По поводу спаржи Эльстира и той, что подали после цыпленка под грибным соусом, герцог Германтский объявил, что зеленую спаржу, выращенную на свежем воздухе и, по забавному выражению превосходного сочинителя, подписывающего свои опусы именем Э. де Клермон-Тоннер[327], «не такую несгибаемо твердую, как ее сестры», следует есть с яйцами; г-н де Бреоте отозвался: «Что нравится одним, не нравится другим, и наоборот. В провинции Кантон, в Китае, самым изысканным угощением считаются совершенно протухшие яйца ортоланов». Г-н де Бреоте, автор исследования о мормонах, напечатанного в «Ревю де Дё Монд», посещал только самые аристократические дома, а из них только те, что слыли более или менее интеллектуальными. Так что если он бывал у дамы, во всяком случае если посещал ее достаточно усердно, все понимали, что эта дама — хозяйка салона. Он утверждал, что ненавидит светскую жизнь, и уверял каждую герцогиню в отдельности, что ищет ее общества лишь ради ее ума и красоты. И все они ему верили. Всякий раз, когда скрепя сердце он смиренно отправлялся на большой прием к принцессе Пармской, он призывал всех этих дам последовать его примеру, чтобы его поддержать, и всегда оказывался в кругу родных душ. Он хотел, чтобы его репутация интеллектуала заставляла забыть о его принадлежности к высшему свету, и, пользуясь кое-какими правилами остроумных Германтов, в разгар сезона балов отправлялся с изысканными дамами в ученые экспедиции, а когда какой-нибудь сноб, еще не завоевавший себе положения в обществе, начинал всюду бывать, с ожесточенным упорством избегал знакомства с этим человеком и не желал его замечать. Снобов он ненавидел в силу собственного снобизма, но умел внушить простодушным людям, то есть вообще всем, что снобизм ему чужд.

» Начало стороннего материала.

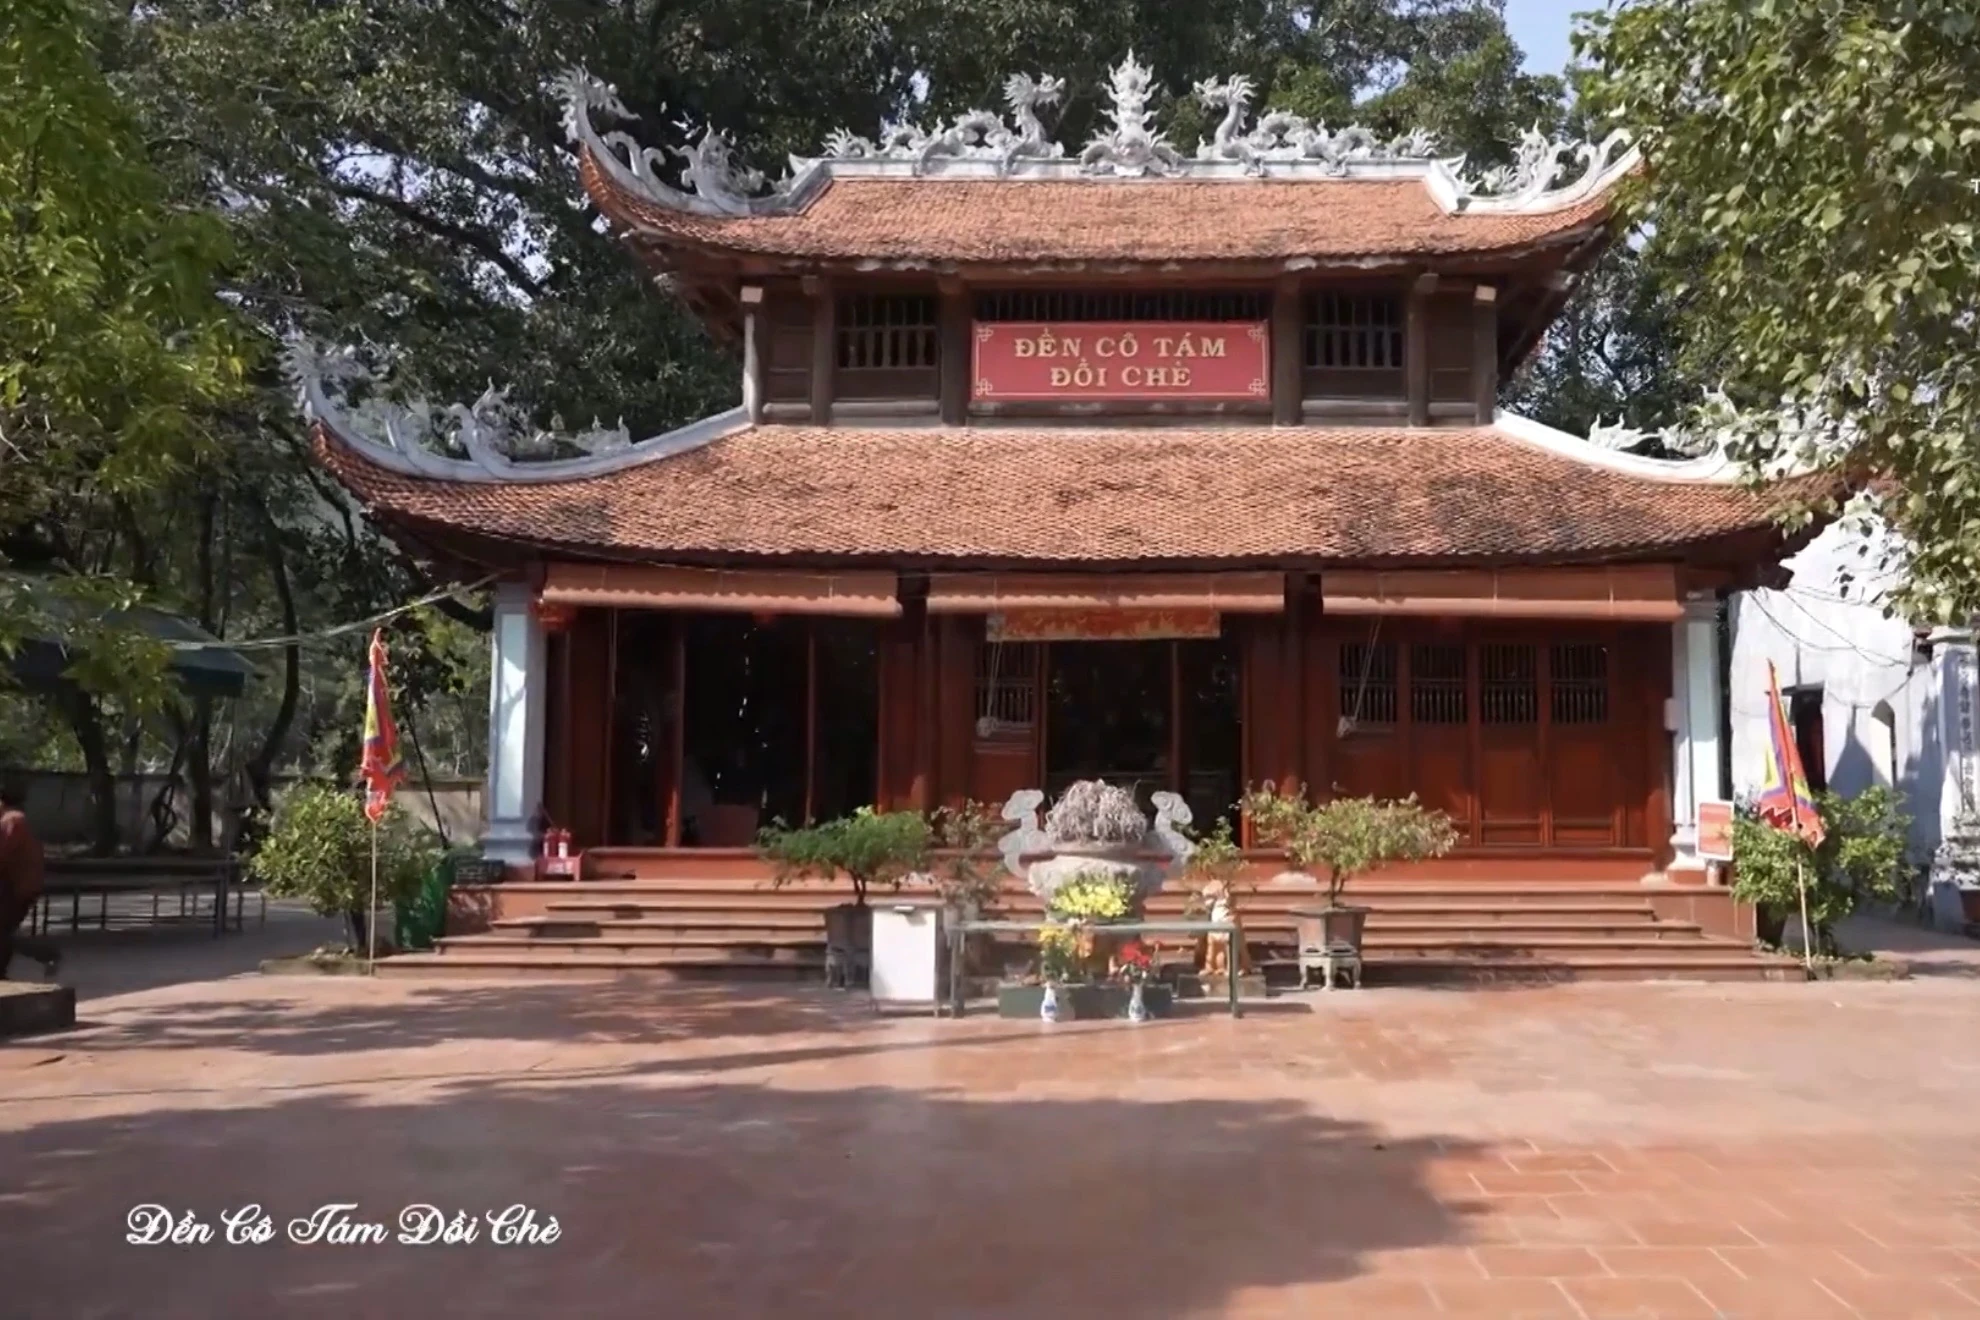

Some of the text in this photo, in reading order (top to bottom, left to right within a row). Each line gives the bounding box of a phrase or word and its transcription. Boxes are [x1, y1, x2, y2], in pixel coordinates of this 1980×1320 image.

[1014, 327, 1226, 358] ĐỀN CÔ TÁM
[1050, 358, 1108, 387] ĐỒI

— Бабаль всегда все знает! — воскликнула герцогиня Германтская. — Какая прелестная страна, обитатели которой желают быть уверенными, что лавочник продаст им по-настоящему тухлые яйца, яйца года кометы. Так и вижу, как макаю в такое яйцо ломтик хлеба с маслом. Должна сказать, что у тети Мадлен (то есть у г-жи де Вильпаризи) иной раз подают несвежую еду, даже яйца. — Тут г-жа д’Арпажон охнула. — Будет вам, Фили, вы знаете это не хуже меня. Бывает, что в яйце уже цыпленок сидит. Ума не приложу, как они там выживают. Получается не омлет, а курятник, спасибо, хоть в меню это не обозначено. Хорошо, что вы не приехали на позавчерашний обед, подавали камбалу с карболовой кислотой! Не угощение, а инфекционное отделение. Преданность Норпуа воистину доходит до героизма: он взял добавку!

— Вы были, по-моему, на том обеде, где она предъявила обществу господина Блоха (желая, возможно, придать еврейской фамилии как можно более иностранный акцент, герцог Германтский произнес на конце имени не «к», а «х», как в немецком слове hoch), который твердил о каком-то «пиите», то есть поэте, что он божественный. И как Шательро ни лягал господина Блоха под столом, тот не понимал и думал, что толчки моего племянника предназначены молодой женщине, сидевшей напротив (тут герцог слегка покраснел). Он никак не мог взять в толк, что раздражает нашу тетю своими бесконечными божественностями. А тетя Мадлен за словом в карман не лезет и заметила ему: «Ах, сударь, что же вы тогда скажете о господине де Боссюэ?» (герцог был убежден, что «господин де» перед именем известной персоны звучит весьма старорежимно). Словом, его общество украсило обед.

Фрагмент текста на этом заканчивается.